The Green Grid gets going

The Green Grid can help by pressuring vendors about re-engineering technology that wastes energy

Pleas to improve datacenter power-efficiency tend to be vague: Consolidate to fewer and more efficient systems; use virtualization to allocate resources based on need; and choose microprocessors, infrastructure components, and system architectures that are built with power conservation as a key objective.

A dearth of meaningful metrics once led me to propose counting of the number of cooling fans and reducing their number through attrition, even as capacity is added. Where there are fans, there's heat, and where there's heat, there's energy being wasted. Not very scientific, I realize.

I felt I had to suggest something, though, because the prevailing measure -- performance per watt -- is useless and misleading. The power consumption of a microprocessor die is a good measure of a chipmaker's effort to contribute to green computing, but it isn't the whole picture. For example, a power supply can waste considerable energy just converting AC to DC (something that I think should be done once per rack, but that's another story). As long as power conservation is solely the stuff of chipmaker tit-for-tat, we'll never make appreciable progress.

A non-profit consortium called The Green Grid as been formed to turn green intentions into the hard facts and formulas that underlie IT action plans. The Green Grid is taking a holistic approach that addresses all contributors to power inefficiency. And to help IT buyers identify vendors genuinely committed to saving power, The Green Grid is developing a logo program to label equipment that meets its criteria for minimum necessary power utilization. The consortium has a blue chip roster of charter members including Intel, AMD, Sun, IBM, and VMware, along with support from the EPA and the Alliance to Save Energy.
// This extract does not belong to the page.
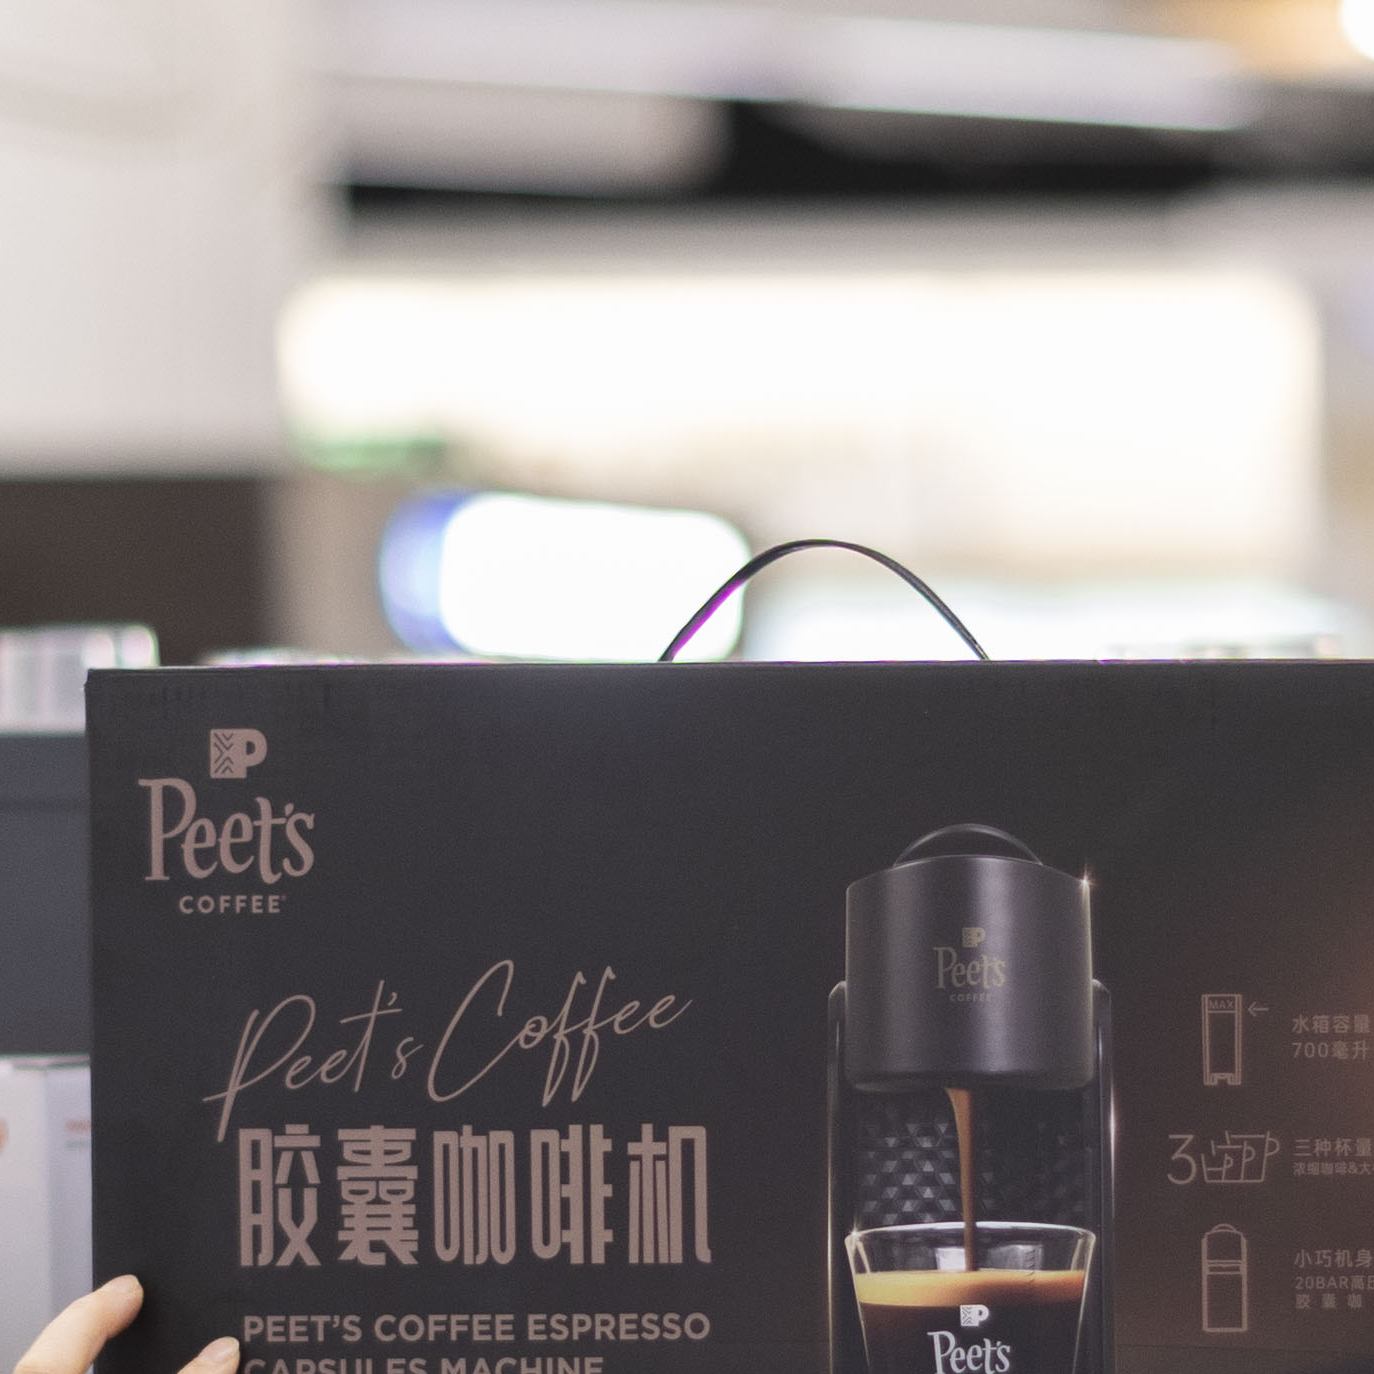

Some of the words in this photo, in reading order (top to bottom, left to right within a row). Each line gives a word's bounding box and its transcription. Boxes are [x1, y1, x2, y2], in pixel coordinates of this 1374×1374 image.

These heavy hitters aren't getting together to play pinochle. In one of its first publications, entitled "Guidelines for Energy-Efficient Datacenters," The Green Grid lays out plainly what journalists like me have used hundreds of words to say: IT doesn't pay the electric bill, so it doesn't have the tools to determine how much power it's using and how much of that is wasted. The Green Grid proposes to close that gap, so its initial publications point to the need to pull together IT, facilities, electrical contractors, HVAC (heating, ventilating, and air conditioning), and vendors that sell power routing and battery backup equipment.

For example, when's the last time you had your HVAC system evaluated? If you've been cutting holes in ducts, doing creative airflow engineering under a raised floor, or removing ceiling tiles to dump AC into overheated areas, don't congratulate yourself on your ingenuity. Instead, mourn the money you're wasting because the AC fan can't push hot air out of the building through leaky ductwork. Oops.

And that's just for starters. Everyone should learn enough about facilities, cooling, and power management to know what they shouldn't mess with and to know when they've messed up. The Green Grid and similar efforts can help with that -- but they also have a more important role: pressuring vendors. Technology that wastes energy should be re-engineered. And when IT misuses hardware (deploying overpowered UPSes, for example), smart energy-aware devices should dial down power consumption automatically. With big-time backing, The Green Grid looks like it will have the clout to transcend fuzzy sentiments about "going green" and yield measurable, unambiguous results.